Cunningham went to the emergency room at Central DuPage multiple times but doctors never found anything wrong with her, even after two CT scans.
The repeated hospital visits made her feel like someone who was just seeking drugs.
“If I showed up for treatment, it was like I was a drug seeker, ‘There’s nothing wrong with you,'” said Cunningham.
In 2015, Cunningham visited a different treatment center called Adventist Hospital in Glendale Heights, Illinois. A scan was performed and found a foreign object.
“I was shocked,” said Cunningham.
The thin, opaque object was left inside of her body from her a previous surgery. It is unknown exactly what the object is or the staff member responsible.
After procuring her records from Central DuPage, Cunningham was shocked to find that the CT scans she had performed there did show a foreign object inside of her body.
She says doctors knew for years about the object and never told her.
Cunningham has since hired attorney Laird Ozmon, but likely cannot file a lawsuit against the person who left the object inside of her because too much time has passed.
“She was being told … very directly, that it was all in her head,” said Ozmon. “That she’s crazy. There was an obligation to get it out of there.”
“The anger, the hurt, is still there constantly — day after day,” said Cunningham.
Central DuPage Hospital released the following statement after learning of Cunningham’s case:
“We are committed to providing patients with safe, high-quality care and an exceptional patient experience,” the statement reads. “Patient safety is our highest priority and we take all patient concerns seriously. We are thoroughly reviewing this matter and we have reached out to the patient to discuss the situation. However, based on the information we currently have, we believe that the foreign object that was recently removed from the patient was not in a location consistent with any procedures performed at Central DuPage Hospital.
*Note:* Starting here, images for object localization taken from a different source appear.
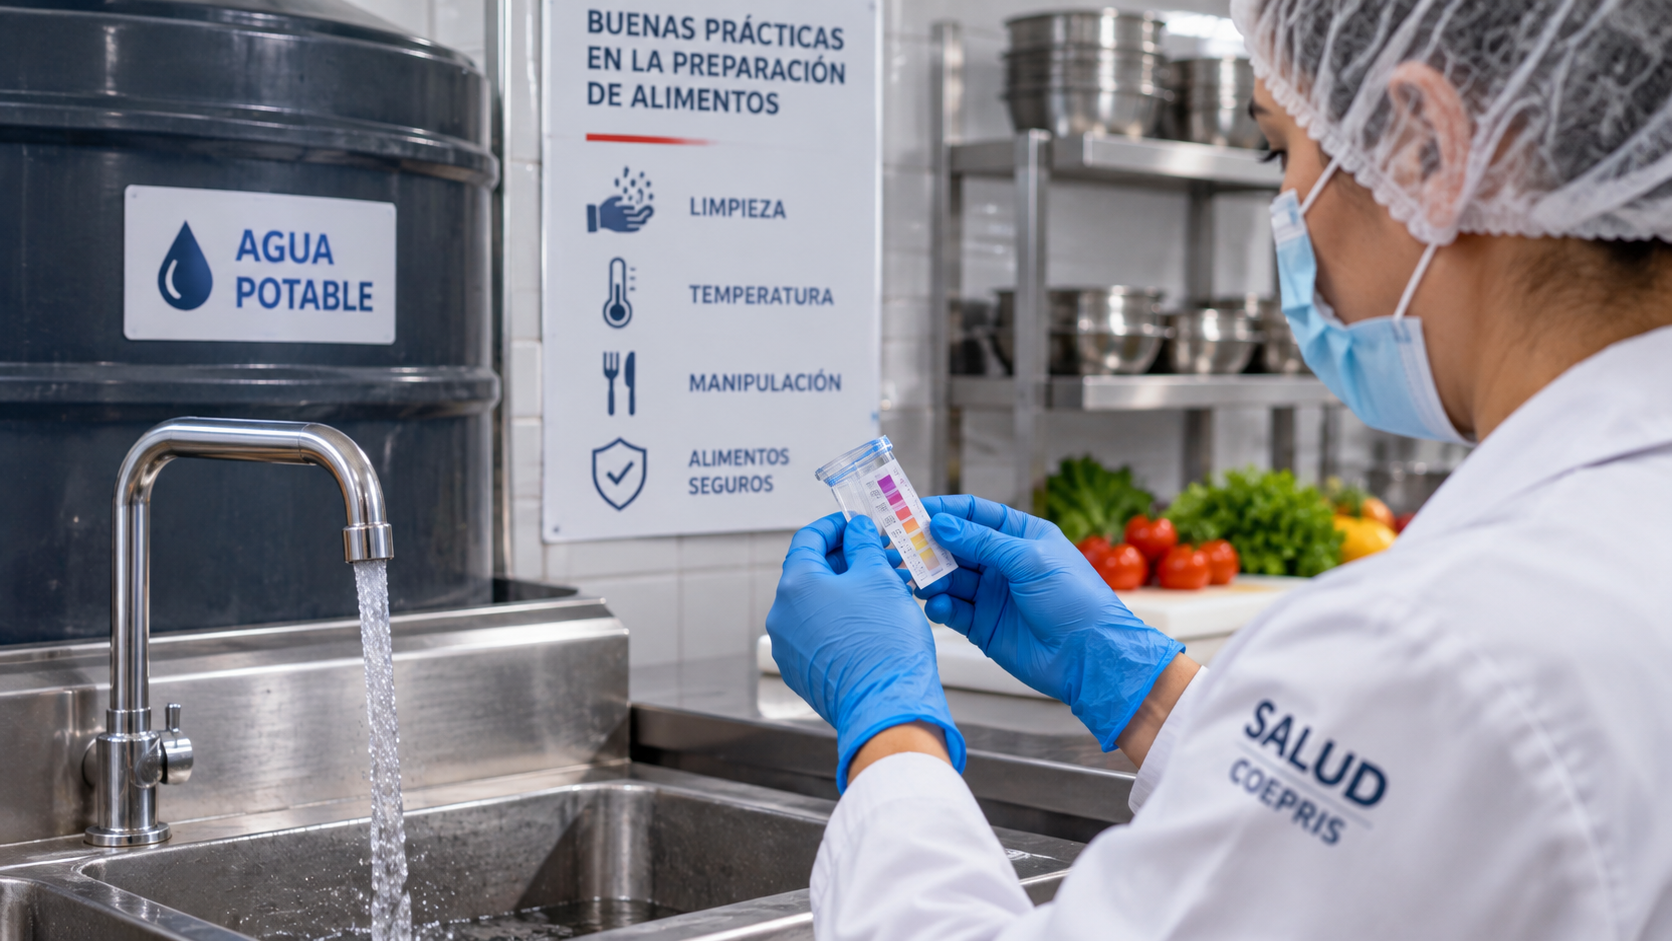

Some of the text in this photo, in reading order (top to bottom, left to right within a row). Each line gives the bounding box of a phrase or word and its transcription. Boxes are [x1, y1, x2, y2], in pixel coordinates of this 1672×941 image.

[587, 9, 845, 51] BUENAS PRÁCTICAS
[587, 45, 846, 85] EN LA PREPARACIÓN
[587, 81, 780, 116] DE ALIMENTOS
[689, 196, 787, 219] LIMPIEZA
[235, 228, 335, 266] AGUA
[236, 276, 374, 313] POTABLE
[688, 284, 834, 306] TEMPERATURA
[689, 369, 842, 393] MANIPULACIÓN
[688, 447, 790, 468] ALIMENTOS
[688, 474, 774, 496] SEGUROS
[1244, 699, 1388, 809] SALUD
[1229, 757, 1346, 846] COEPRIS
Given that this matter is under internal review, we are unable to provide additional information at this time.”
Rush-Copley Medical Center declined to comment due to patient privacy.
The state of Illinois had a 49 percent increase of foreign objects being left in patients' bodies, with 67 cases in 2009 and 100 cases in 2013.
It is voluntary for hospitals to report such cases to the Agency for Healthcare Research and Quality, a federal organization that oversees health research services to improve healthcare quality.
The most common item left behind during surgery is a sponge, made from cotton, that is used to soak up blood and other fluids, reports USA Today. An unremoved sponge may lead to an infection that can cause great complications for the patient, even death.